Recently, I was asked to prepare a blogpost for pharmacists. What an amazing opportunity! However, I must warn you: I like to talk. A lot.
Many years ago, I was tasked to prepare a series of CCCEP-approved lectures for pharmacists and present them across Canada. I was traveling from Vancouver to Calgary to Toronto to Halifax, educating about the use of probiotics. At that time, in 2008, probiotics were still very much a mystery for us pharmacists. Research into probiotics was just starting to take off.
The medical community was slowly starting to understand that good bugs in our guts will determine our overall health. They'll make us feel good or feel bad. They'll make us urgently look for all available washrooms wherever we go, or allow us to enjoy life. They might change how we absorb certain foods, nutrients, and vitamins; they might also affect how some medications will work, and much more.
Before 2008 I was, as a ‘well-educated pharmacist’, telling my patients, “When you take antibiotics, why don't you take some yogurt!” What did I know? We never got any training on probiotics. We never even talked much about good bugs in our gut, we even used to call it ‘flora’ or ‘gut flora’ - like flowers! This is very wrong and now obsolete terminology.
Following the series of lectures in 2008, a common theme emerged: everyone was excited yet still very confused. Feedback from all sessions was excellent and overwhelmingly positive, but even so, pharmacists needed help on how to translate this newly-found, amazing, exciting knowledge into practical advice for their patients. “How would I communicate to patients that these bugs are good, but they have to be specific when selecting them?” As a result of that feedback, I was asked to prepare a handout. We, pharmacists, love handouts. We love tabulated references, we are always looking for a guide or reference. We like to have lots of details in it, but we also like to have it presented in a practical way.
What happened next? I prepared a one-page handout with two small tables comprising nine products available commercially, with all references actually fitting on one page.
This was the very first Probiotic Chart, a guide we named the ‘Clinical Guide to Probiotic Products Available in Canada’. Such a very serious name for such a small table. This guide was sent out to pharmacists as a follow-up to the cross-Canada lectures. I thought to myself: This is it, people will learn from it, and then they'll continue looking for more information as it becomes available or published. I am done. How very wrong I was….

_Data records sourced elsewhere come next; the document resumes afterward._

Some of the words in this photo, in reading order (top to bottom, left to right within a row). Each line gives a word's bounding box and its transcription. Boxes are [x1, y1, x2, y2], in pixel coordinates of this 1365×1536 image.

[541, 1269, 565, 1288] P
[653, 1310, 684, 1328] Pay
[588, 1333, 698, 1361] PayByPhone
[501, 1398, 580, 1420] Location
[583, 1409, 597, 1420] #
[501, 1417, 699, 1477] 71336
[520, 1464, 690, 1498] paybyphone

Working on this probiotic project in 2008, I had very limited objectives: to look at what is the evidence for probiotics in patients with irritable bowel syndrome, and if probiotics can help babies with colic. Not really life-threatening, yet dramatically life-altering conditions. At that time there wasn't much research available, and we did not have many products available on our pharmacy shelves from which to choose.
Following the publication of this initial Guide in 2008, I was overwhelmed with the feedback coming from not only pharmacists, but nurses, dietitians, physicians, and other HCPs. My fellow pharmacists shared this tool with other healthcare providers and now people were sending comments, asking for updates. They were asking about specific products they had seen on the shelf or heard about. They were asking me to expand some of the indications, others were challenging why I assigned such and such indication to a specific product when it doesn't say that on the label. It became apparent that there were still lots of learning gaps and a huge need to have a clinically applicable, practical tool in the hands of healthcare providers to assist patients in navigating this confusing field.

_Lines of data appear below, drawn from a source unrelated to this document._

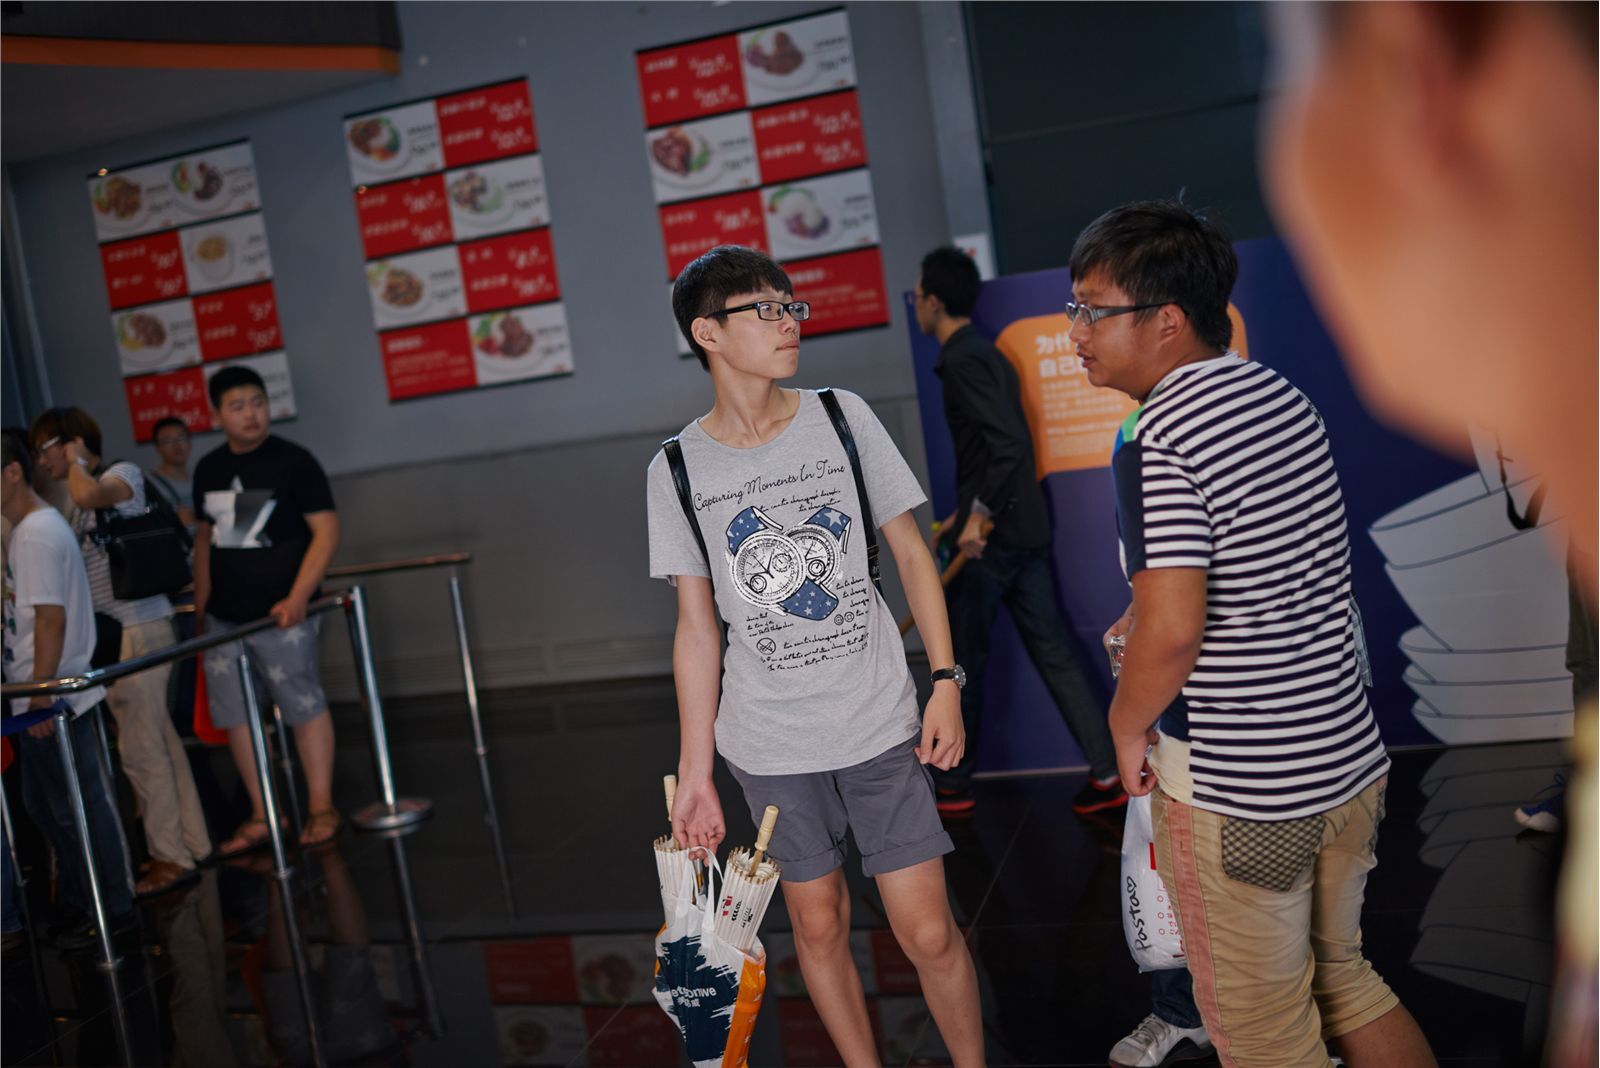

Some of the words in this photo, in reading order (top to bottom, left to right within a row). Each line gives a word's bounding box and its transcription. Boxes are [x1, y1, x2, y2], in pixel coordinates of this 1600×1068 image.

[1035, 331, 1078, 355] 为什
[694, 490, 744, 512] Capturing
[744, 476, 798, 495] Moments
[800, 464, 815, 482] In
[816, 459, 846, 479] Time

In the years following the initial publication, I teamed up with a group of amazing colleagues (knowledge leaders and specialists in this field) and together we started an initiative of annual updates to this clinical tool. We still call it Clinical Guide to Probiotic Products. However, we continued to look very seriously into the specificity of the strain (or combination of stains) present in each product, then found what specific clinical studies this product/strain was used in, and reviewed the outcome of the study. Clinically relevant outcomes of a study would help us determine the expected benefit for patients. Finally, we would match the indication and recommendation to a commercially available product (listing a brand name) available on the market at that time. All of this data was fully referenced, though not all the studies we reviewed would be listed; only studies that are favourable, supporting the listed indication, were included as references in the guide.
The project we started in 2008 has been expanding over the course of more than a decade. Every year we get more data to review, some years we need to have numerous meetings with our reviewers, many discussions, and occasional disagreements until we reach consensus and agree on the changes to be implemented in the next edition of the Guide. We have become very proud of our efforts, and we also became aware of how much it actually helps healthcare providers in assisting their patients.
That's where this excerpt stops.